En un comunicado de prensa reciente, nuevamente la empresa pidió mayor responsabilidad a canales de televisión, impresos y emisoras sobre la manera cómo se aborda este tema, que tiene sus raíces en un informe publicado por la Contraloría General de la República que reveló sobrecostos que superan los US$4 mil millones.
“Algunas aseveraciones sobre Reficar que han sido difundidas recientemente por algunos medios de comunicación contienen análisis con conclusiones equivocadas que han afectado de manera grave la reputación de la empresa y de las personas que, con sacrificio, profesionalismo y honestidad, han logrado que este proyecto, estratégico y orgullo de Colombia, entre finalmente en operación. La nueva refinería de Cartagena es un complejo industrial de 34 plantas, que ocupan 140 hectáreas lo cual es una aproximación de lo que representa en términos de tamaño, complejidad, infraestructura y tecnología para el país”, apuntó la firma.
Si bien en cualquier obra, y más de la envergadura de Reficar, se pueden aumentar los costos de construcción, no necesariamente por corrupción o malos cálculos, el hecho de que haya aumentado casi el 100% el valor inicial y que, como denunció la contraloría, hayan irregularidades en los contratos, si genera mucho escepticismo sobre lo que en realidad sucedió durante el proceso.
Sin embargo, para la junta directiva de Reficar esto no puede considerarse necesariamente sobrecostos. “Las causas de las variaciones que ha tenido el proyecto en términos de su inversión y cronograma de ejecución no pueden ser explicados exclusivamente con el término “sobrecostos”. Hemos explicado en diversas oportunidades que estos responden a precisiones realizadas en la medida que avanzaba la ingeniería de detalle, mayor alcance, a costos de conflictos laborales y a la ineficiencia del contratista, entre otros factores imputables a este último; lo cual, se definirá aplicando los mecanismos de resolución de controversias contractuales.
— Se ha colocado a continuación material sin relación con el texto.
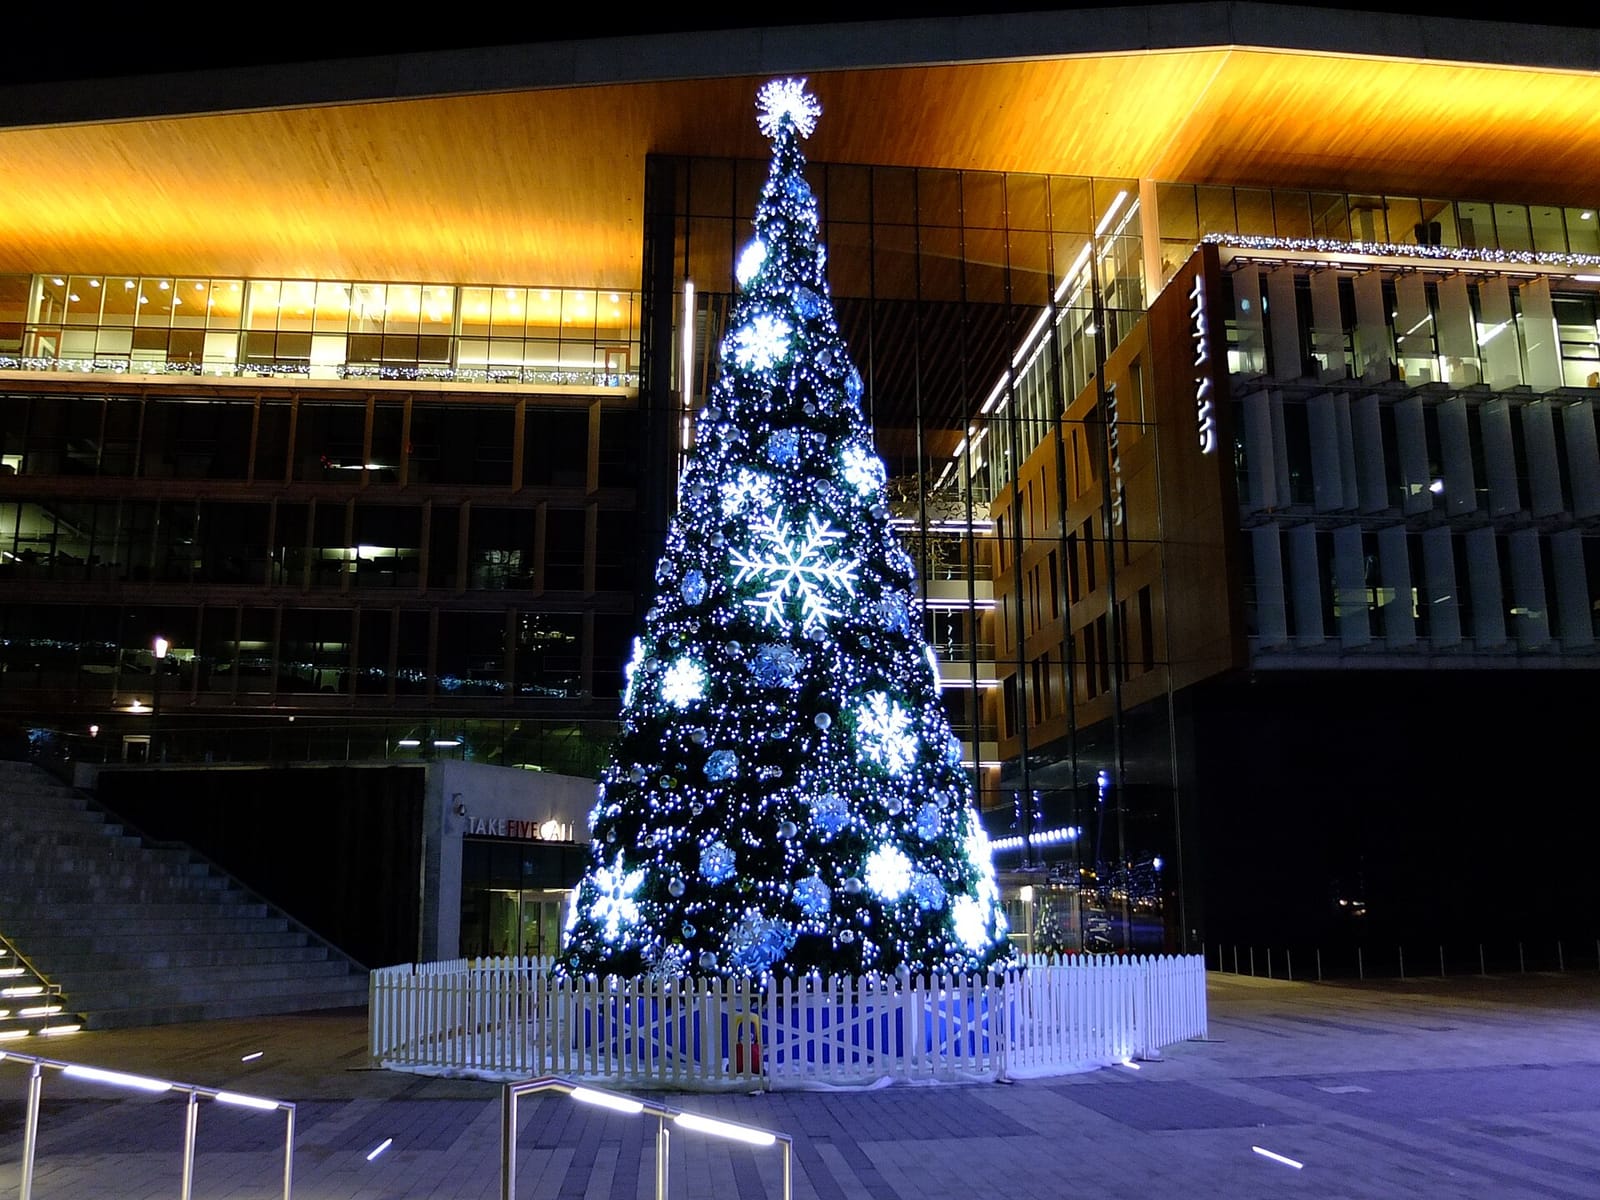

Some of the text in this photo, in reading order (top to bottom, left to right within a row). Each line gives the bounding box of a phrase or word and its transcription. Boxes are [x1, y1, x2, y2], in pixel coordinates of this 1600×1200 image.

El presupuesto de partida y el cronograma, contra el cual se contrasta el costo final del proyecto y el tiempo que tomó, fueron elaborados por CBI -principal contratista del proyecto-, quien aseguró a Reficar que eran exactos y confiables”.
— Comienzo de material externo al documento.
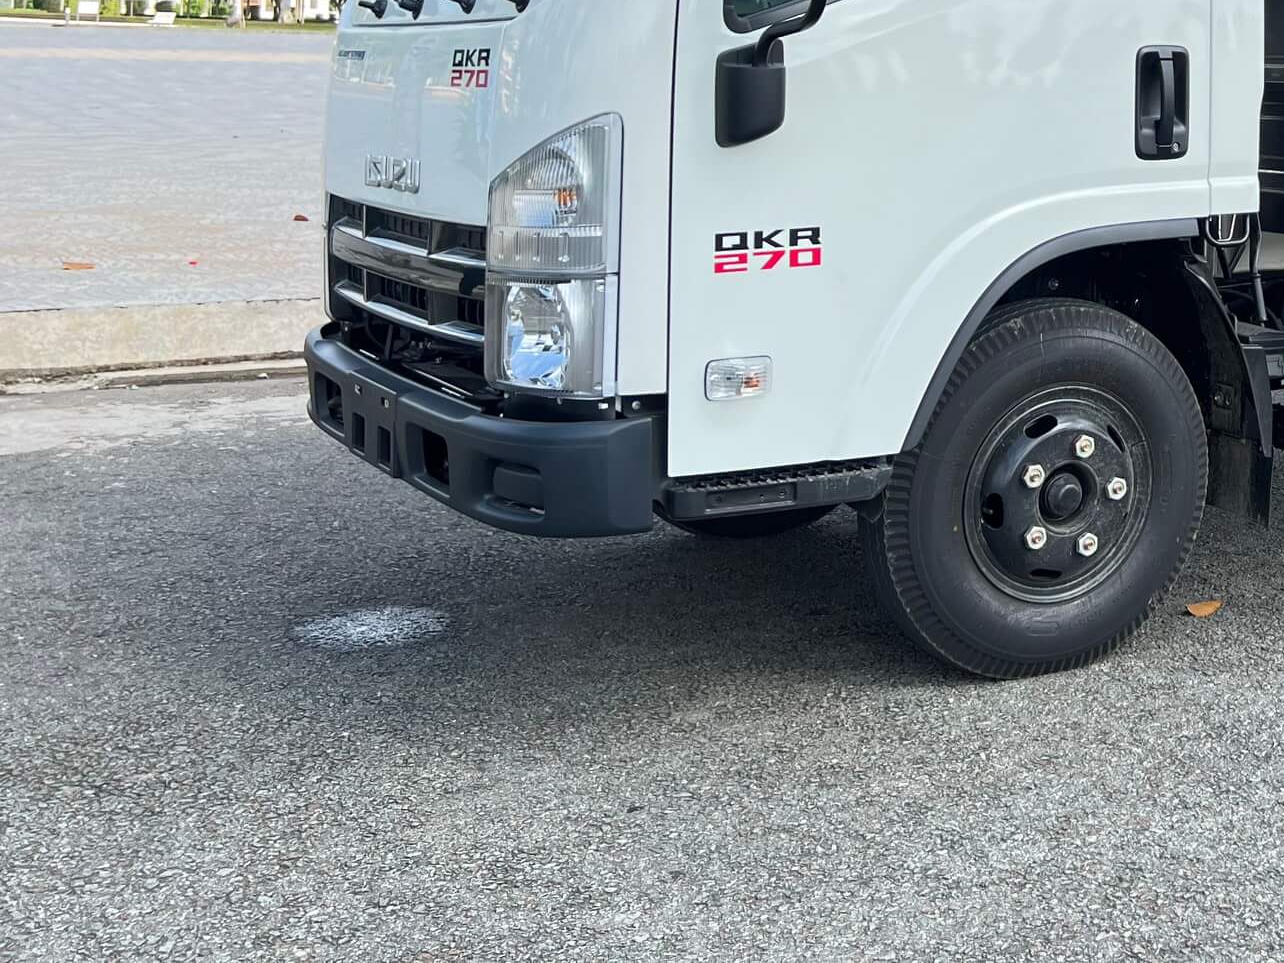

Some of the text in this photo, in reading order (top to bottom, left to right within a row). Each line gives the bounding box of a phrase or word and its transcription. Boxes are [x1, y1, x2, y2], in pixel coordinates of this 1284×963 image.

[452, 48, 491, 68] QKR
[450, 69, 489, 88] 270
[364, 154, 421, 194] ISUZU
[714, 226, 822, 252] QKR
[713, 247, 822, 274] 270
En la nota de prensa, también, hay un rechazo “contra las acusaciones que se han formulado en las que esta diferencia ha sido presentada como un desfalco o producto de un acto de corrupción” teniendo en cuenta que “en el informe sectorial de la Contraloría General de la República no refiere a conductas dolosas ni prácticas de corrupción”.
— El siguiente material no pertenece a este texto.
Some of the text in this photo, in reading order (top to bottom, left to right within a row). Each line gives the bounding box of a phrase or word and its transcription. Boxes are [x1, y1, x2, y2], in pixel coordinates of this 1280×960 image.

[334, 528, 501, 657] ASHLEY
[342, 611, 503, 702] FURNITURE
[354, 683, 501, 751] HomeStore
La empresa aclaró que la junta directiva tiene total conocimiento cómo se gastaron los recursos y manifestó el interés por aclarar el barullo, pero no hace un explicación específica sobre la ejecución del alto monto. Son las autoridades y los entes de control los que tienen que definir responsabilidad por estos penosos hechos, pero hasta hoy lo único que ha pasado es que los gobiernos que han estado durante el proceso de la construcción de la refinería de Cartagena se han endosado la responsabilidad mutuamente sobre un escándalo que sigue sin rostros.